Source records:
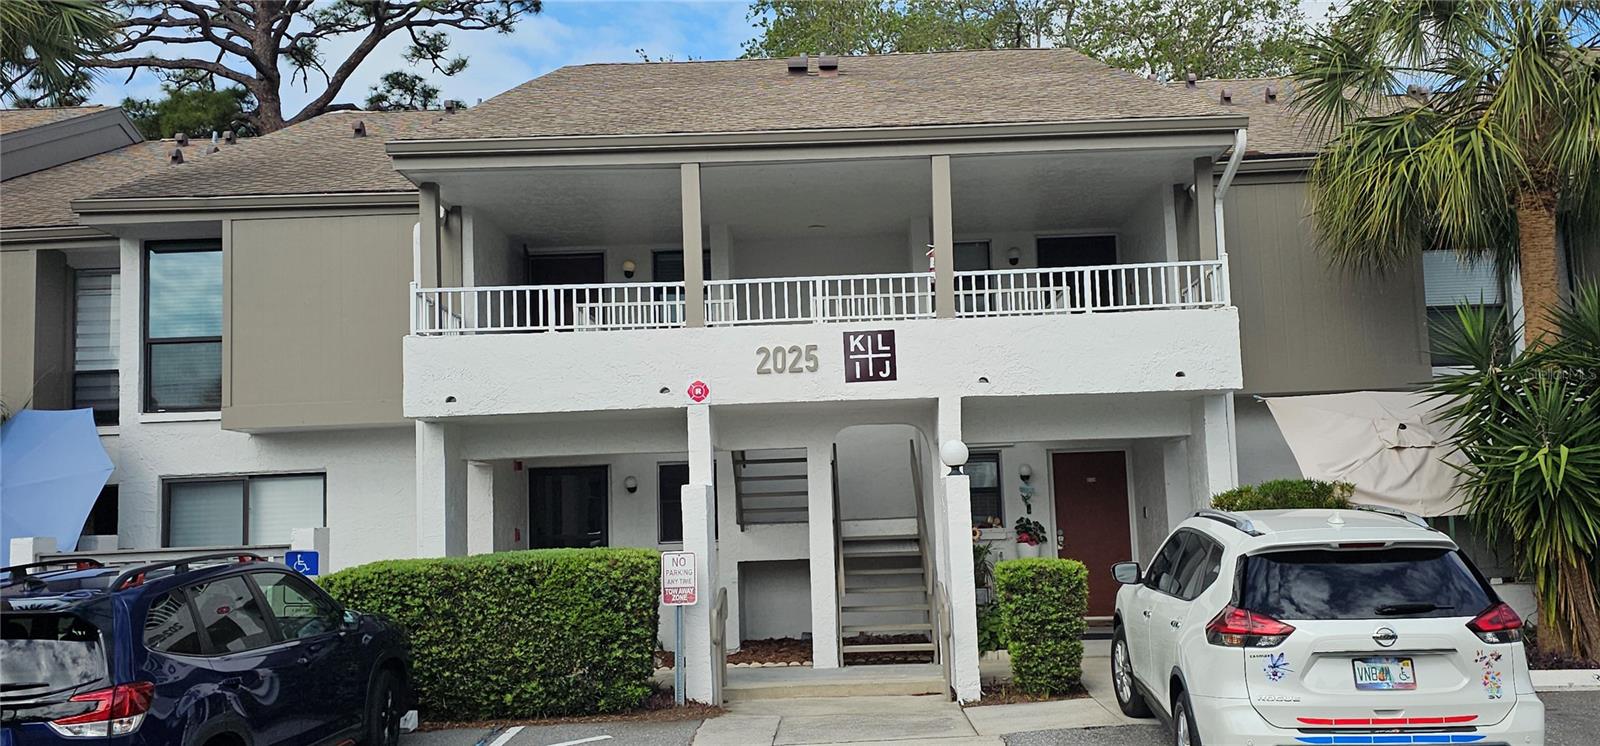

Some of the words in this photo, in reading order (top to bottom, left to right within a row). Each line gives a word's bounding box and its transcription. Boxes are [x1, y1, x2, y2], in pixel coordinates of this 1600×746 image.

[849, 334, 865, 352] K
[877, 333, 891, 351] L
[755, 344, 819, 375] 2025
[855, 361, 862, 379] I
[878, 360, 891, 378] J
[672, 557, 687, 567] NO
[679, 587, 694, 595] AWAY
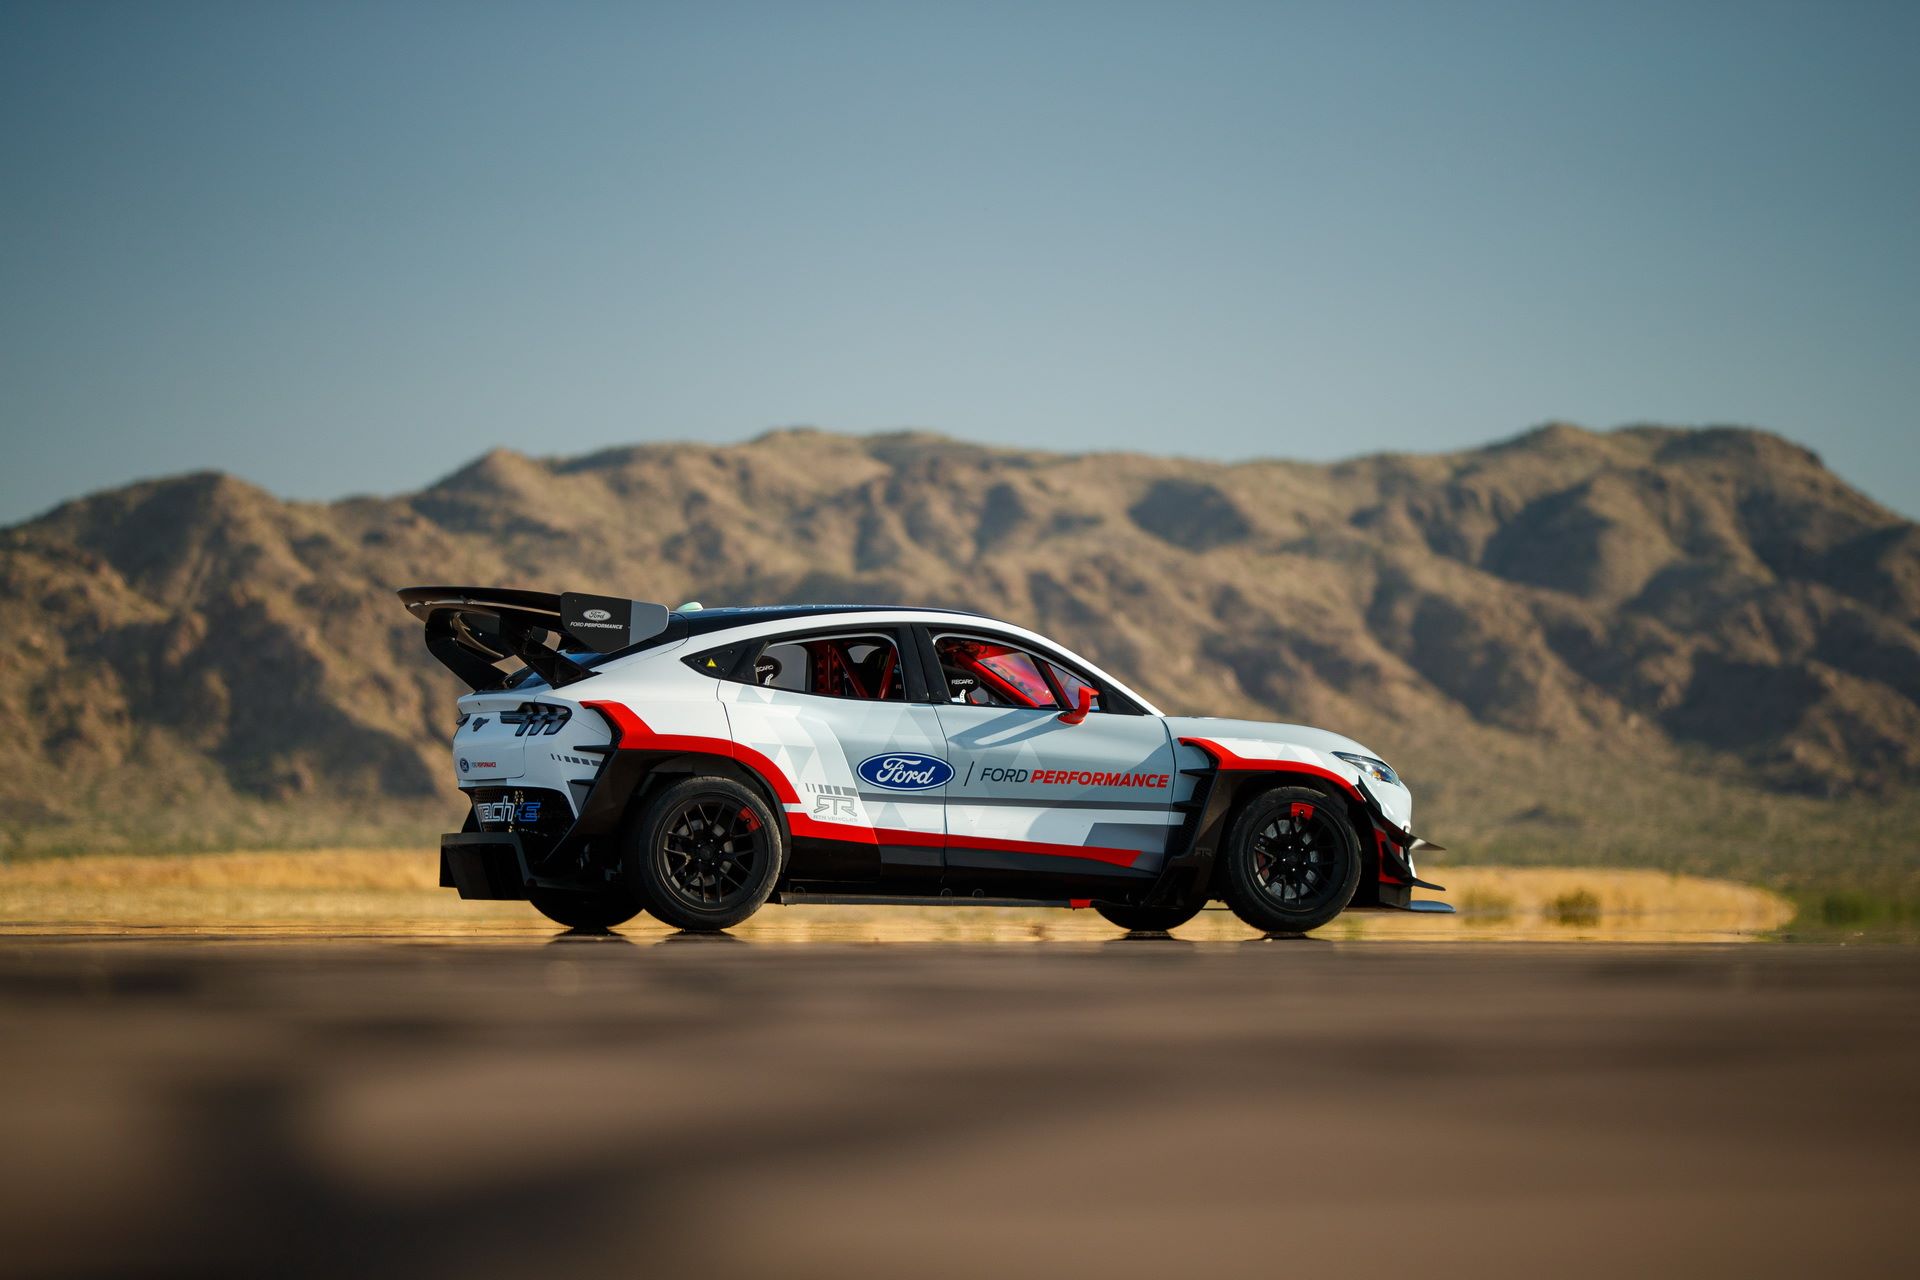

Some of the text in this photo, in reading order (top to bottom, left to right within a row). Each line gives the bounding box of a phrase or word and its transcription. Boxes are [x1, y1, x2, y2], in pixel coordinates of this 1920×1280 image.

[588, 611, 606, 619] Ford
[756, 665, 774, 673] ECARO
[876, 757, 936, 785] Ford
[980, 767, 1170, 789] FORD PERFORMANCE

→ **What to do**
For every record above, repeat the text exactly and omit any picture.

→ **Solution to this exercise**
Some of the words in this photo, in reading order (top to bottom, left to right within a row). Each line gives a word's bounding box and its transcription. Boxes are [x1, y1, x2, y2], in pixel coordinates of this 1600×746 image.

[849, 334, 865, 352] K
[877, 333, 891, 351] L
[755, 344, 819, 375] 2025
[855, 361, 862, 379] I
[878, 360, 891, 378] J
[672, 557, 687, 567] NO
[679, 587, 694, 595] AWAY

Some of the text in this photo, in reading order (top to bottom, left to right within a row). Each line gives the bounding box of a phrase or word and its transcription. Boxes are [x1, y1, x2, y2], in pixel coordinates of this 1920×1280 image.

[588, 611, 606, 619] Ford
[756, 665, 774, 673] ECARO
[876, 757, 936, 785] Ford
[980, 767, 1170, 789] FORD PERFORMANCE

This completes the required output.